Hereditary haemochromatosis (HH) monocytes have a decreased antibody mediated phagocytosis of rabbit erythrocytes and Staphylococcus aureus compared to control monocytes. In order to investigate whether this decrease could be attributed to a different level of expression of Fcγ receptors (FcγR) or complement receptors (CR), which cooperate even in the absence of complement, the surface expression of these receptors was determined on monocyte-enriched suspensions. In contrast to what was expected, HH monocytes displayed a significantly higher level of FcγRI and FcγRIIa as compared to healthy donor monocytes, but these differences were very small. The expression of the other receptors studied were similar for both groups.
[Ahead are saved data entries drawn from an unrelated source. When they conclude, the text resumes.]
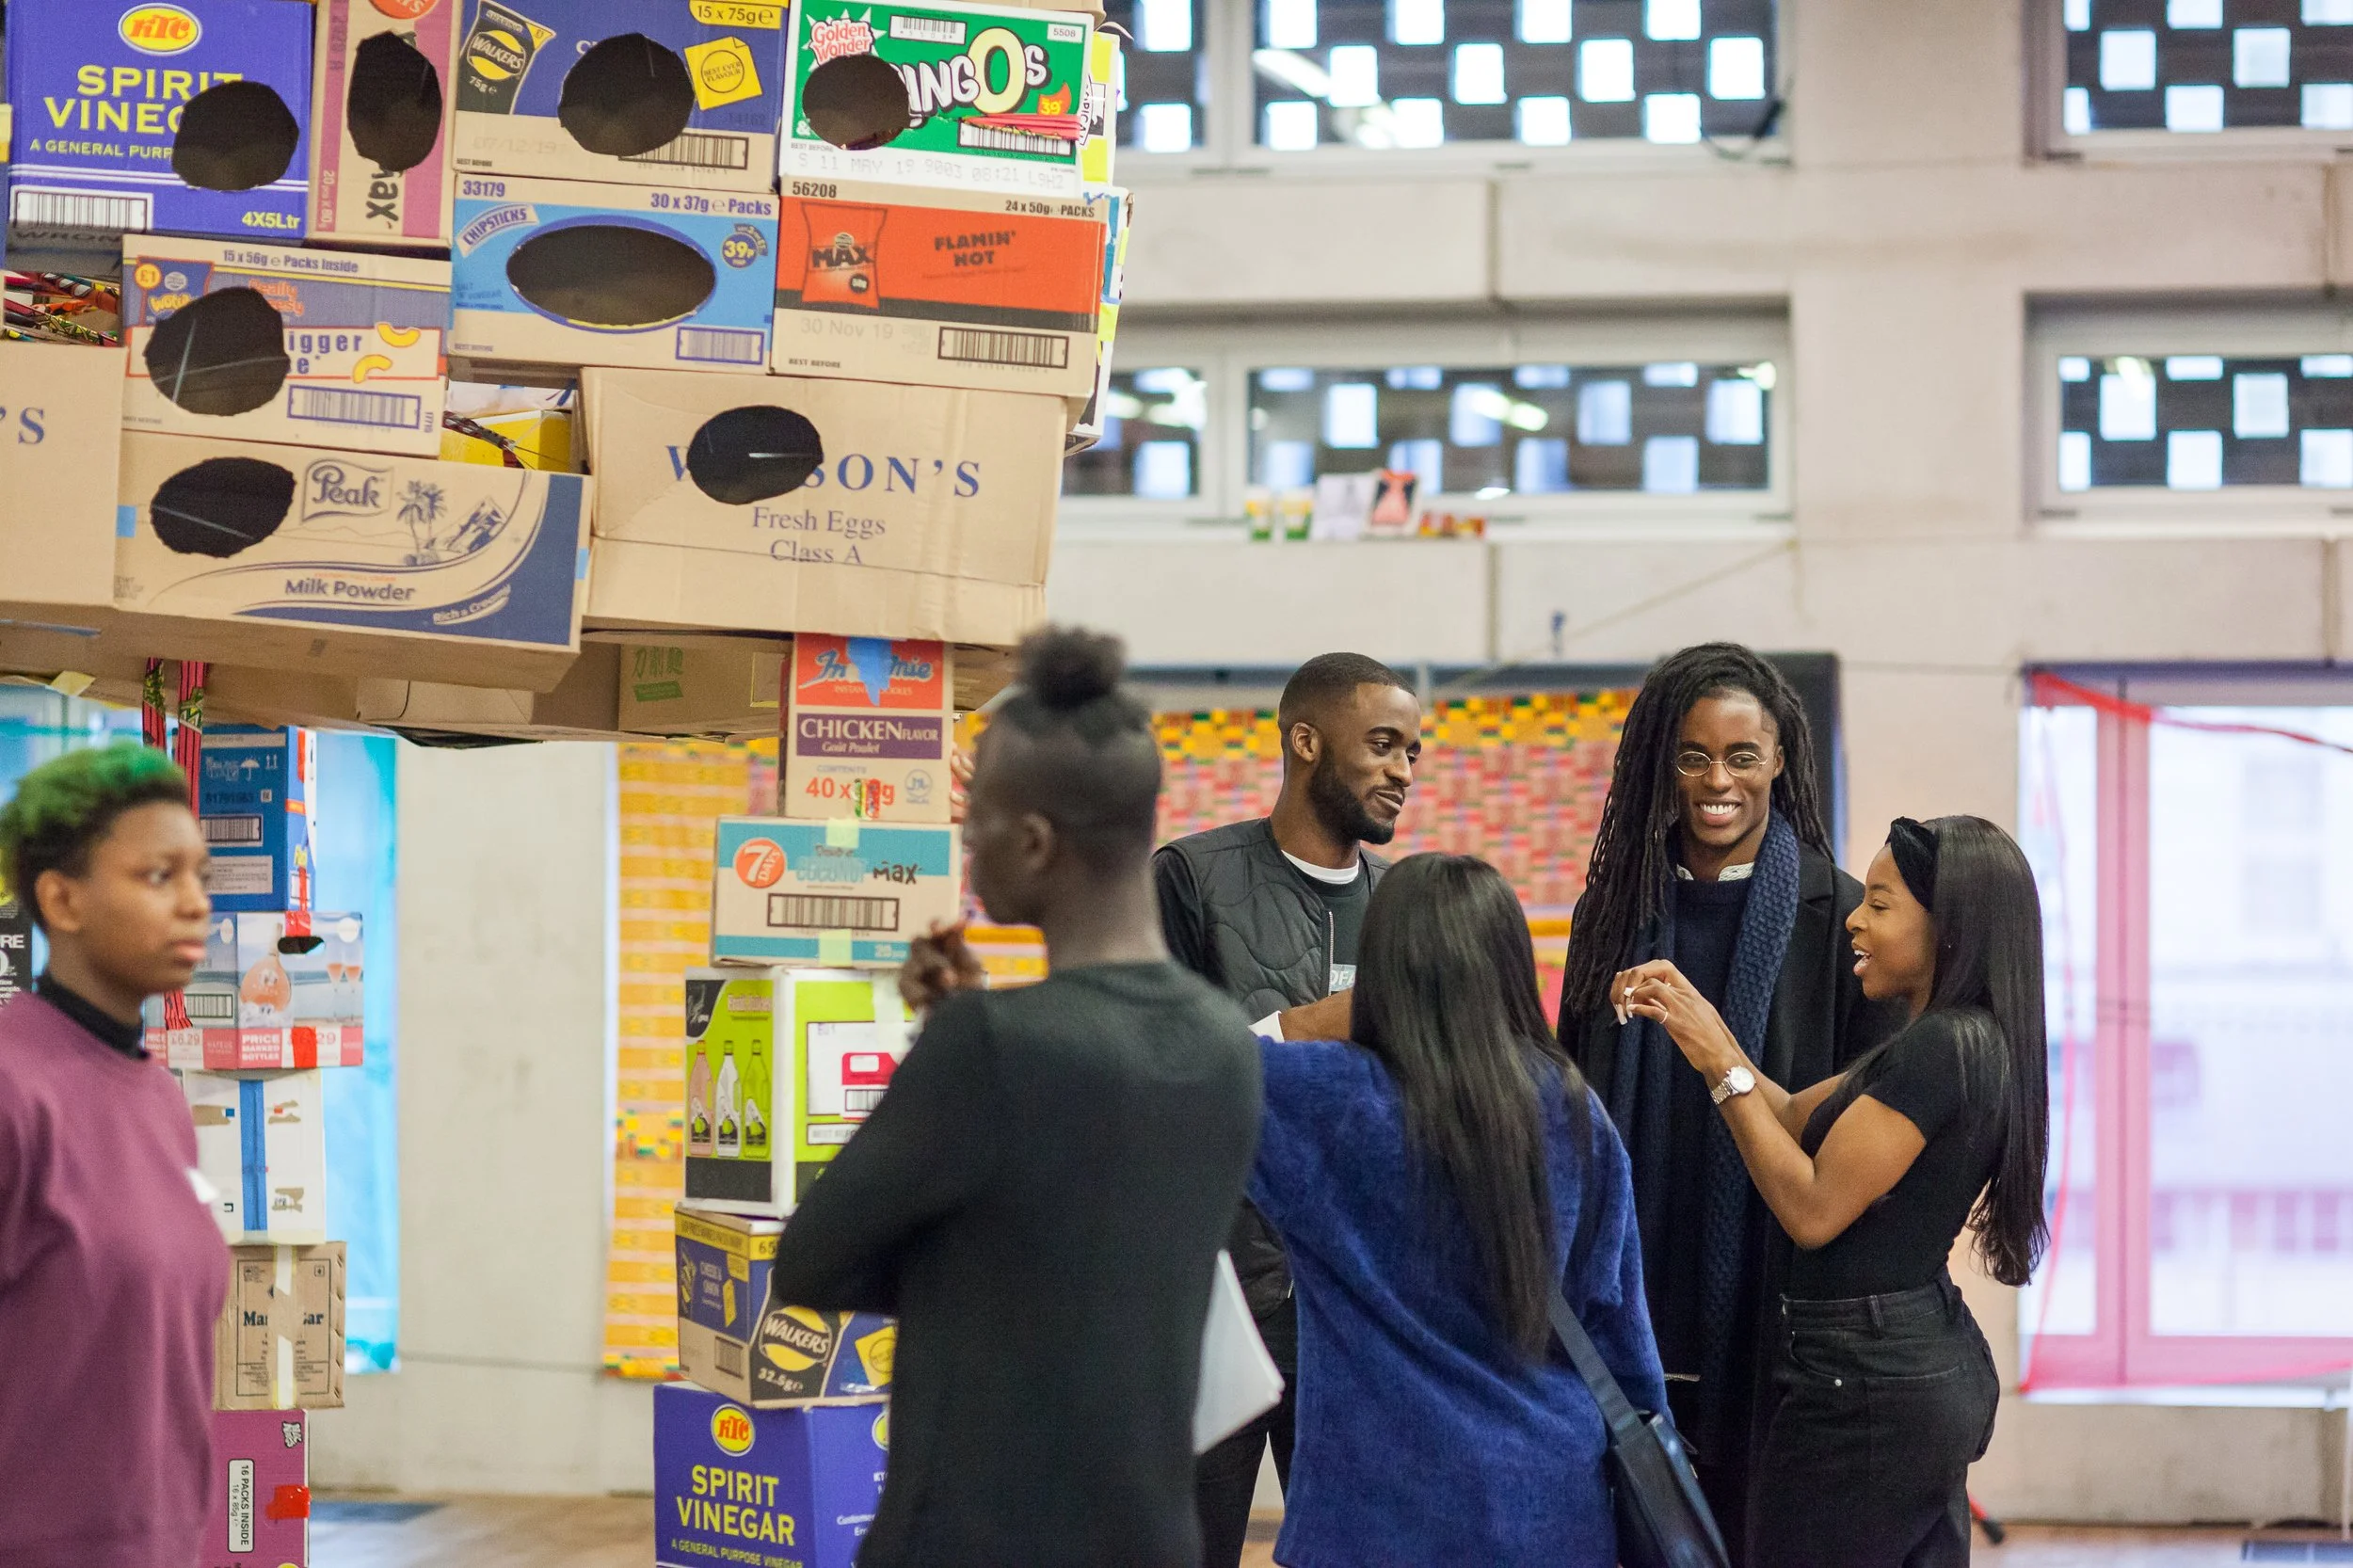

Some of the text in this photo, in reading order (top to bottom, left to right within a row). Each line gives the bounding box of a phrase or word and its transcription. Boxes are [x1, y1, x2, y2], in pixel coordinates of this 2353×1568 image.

[697, 5, 712, 18] 15
[728, 8, 757, 24] 75g
[813, 23, 867, 46] Golden
[1052, 29, 1076, 38] 5508
[472, 36, 524, 69] WALKERS
[813, 38, 872, 62] Wonder
[77, 64, 243, 100] SPIRI
[30, 139, 171, 159] A GENERAL PURP
[808, 144, 834, 152] BEFORE
[849, 157, 883, 174] MAY
[463, 180, 505, 197] 33179
[651, 193, 669, 208] 30
[673, 198, 680, 208] x
[684, 196, 709, 214] 37g
[728, 199, 772, 216] Packs
[792, 181, 837, 199] 56208
[1005, 200, 1018, 212] 24
[1029, 201, 1049, 215] 50g
[1061, 204, 1096, 217] PACKS
[463, 207, 528, 247] CHIPSTICKS
[224, 249, 234, 262] 15
[247, 252, 268, 266] 56g
[284, 254, 320, 271] Packs
[322, 257, 358, 273] Inside
[812, 245, 874, 268] MAX
[954, 251, 995, 266] HOT
[801, 317, 823, 334] 30
[829, 320, 864, 338] Nov
[288, 331, 362, 355] igger
[789, 358, 840, 368] BEST BEFORE
[312, 464, 380, 508] Peak
[752, 505, 887, 538] Fresh Eggs
[771, 539, 864, 565] Class A
[284, 577, 416, 601] Milk Powder
[801, 718, 939, 742] CHICKEN FLAVOR
[806, 777, 835, 798] 40
[744, 845, 773, 883] 7
[759, 850, 780, 882] DAYS
[242, 1034, 280, 1045] PRICE
[242, 1045, 280, 1053] MARKED
[242, 1053, 280, 1062] BOTTLES
[759, 1240, 776, 1255] 65
[764, 1318, 830, 1355] WALKERS
[718, 1416, 749, 1440] KTC
[692, 1464, 779, 1507] SPIRIT
[241, 1465, 249, 1545] 16 PACKS INSIDE
[677, 1496, 795, 1546] VINEGAR
[679, 1540, 719, 1559] GENERAL
[721, 1547, 760, 1565] PURPOSE
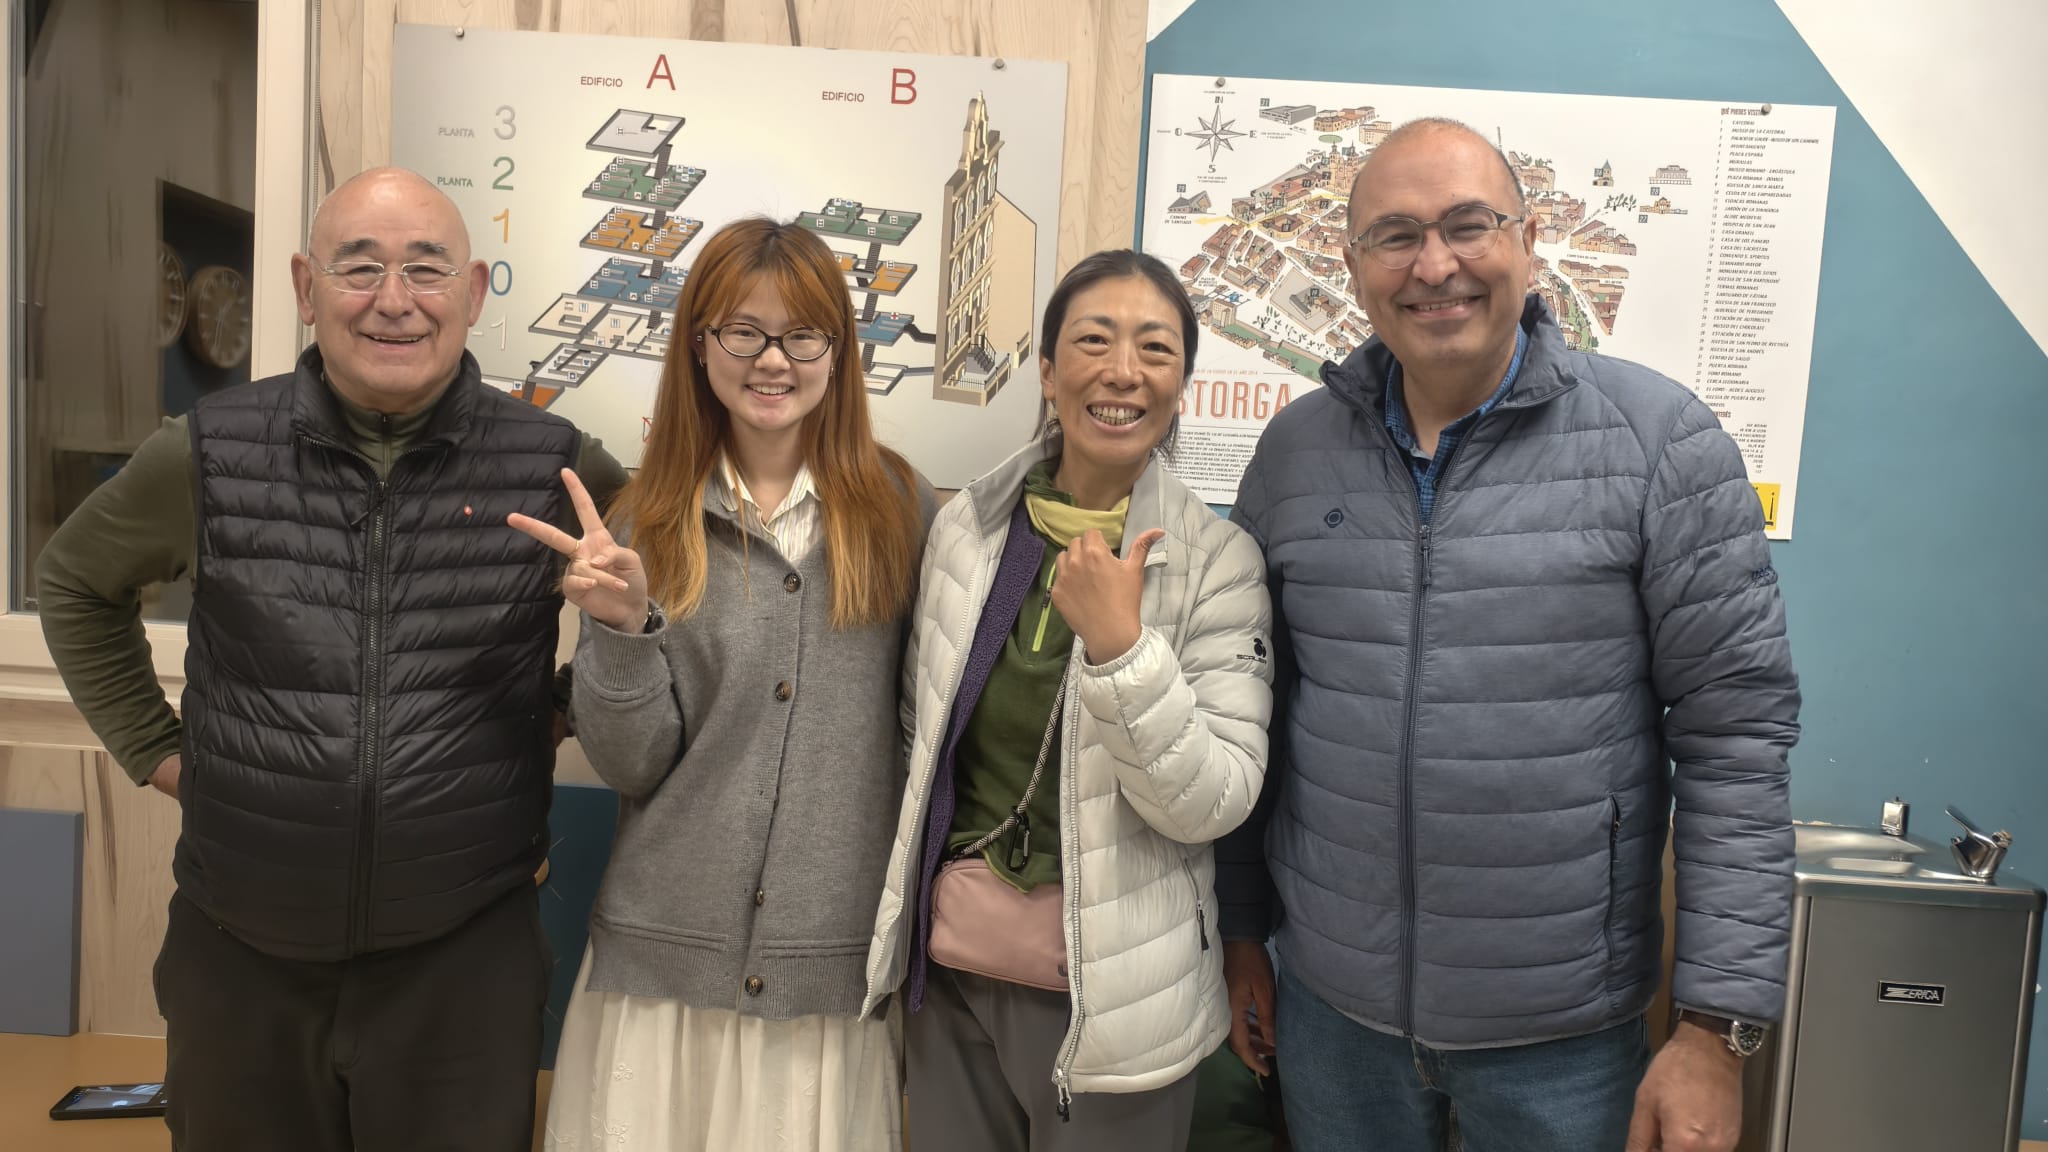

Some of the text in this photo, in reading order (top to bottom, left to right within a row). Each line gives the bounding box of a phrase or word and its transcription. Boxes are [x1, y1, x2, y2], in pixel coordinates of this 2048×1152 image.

[580, 54, 676, 90] EDIFICIO A
[822, 68, 917, 104] EDIFICIO B
[439, 105, 516, 140] PLANTA 3
[437, 156, 515, 190] PLANTA 2
[493, 208, 509, 244] 1
[490, 261, 512, 296] 0
[472, 314, 507, 350] -1
[1884, 987, 1940, 1000] ZERICA
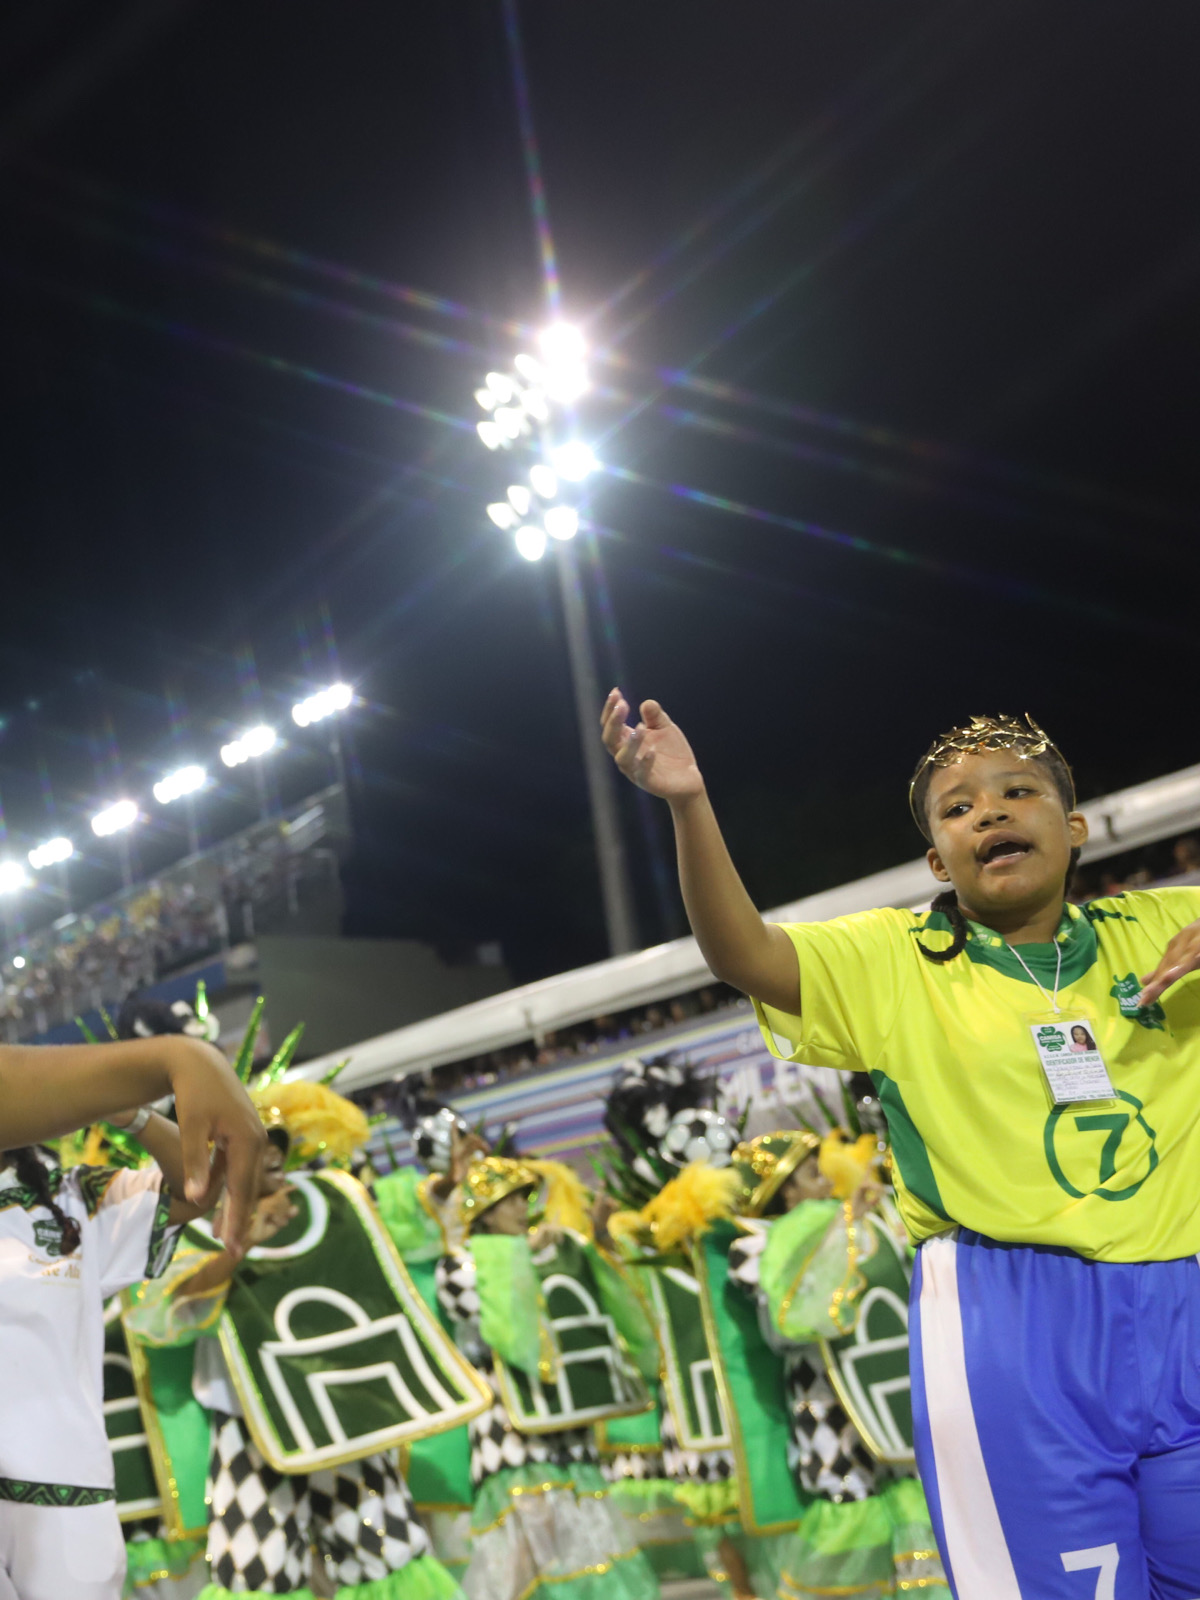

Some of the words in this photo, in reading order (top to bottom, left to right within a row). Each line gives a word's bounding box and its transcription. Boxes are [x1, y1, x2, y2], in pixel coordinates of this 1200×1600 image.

The heat-inactivated mouse serum used for opsonizing the erythrocytes mainly contained mouse IgG1. Two genetically different forms of FcγRIIa are known, each with a different affinity for mouse IgG1 antibodies. Therefore, the FcγRIIa polymorphism in monocytes (MN) of both groups was also investigated. A similar distribution was found for patients and healthy donors. In addition, the extent of erythrophagocytosis of both donors and patients was independent of FcγRIIa allotype. Our results indicate that the altered phagocytosis by HH monocytes cannot be attributed to a different level of expression of receptors involved in phagocytosis or to FcγRIIa polymorphism.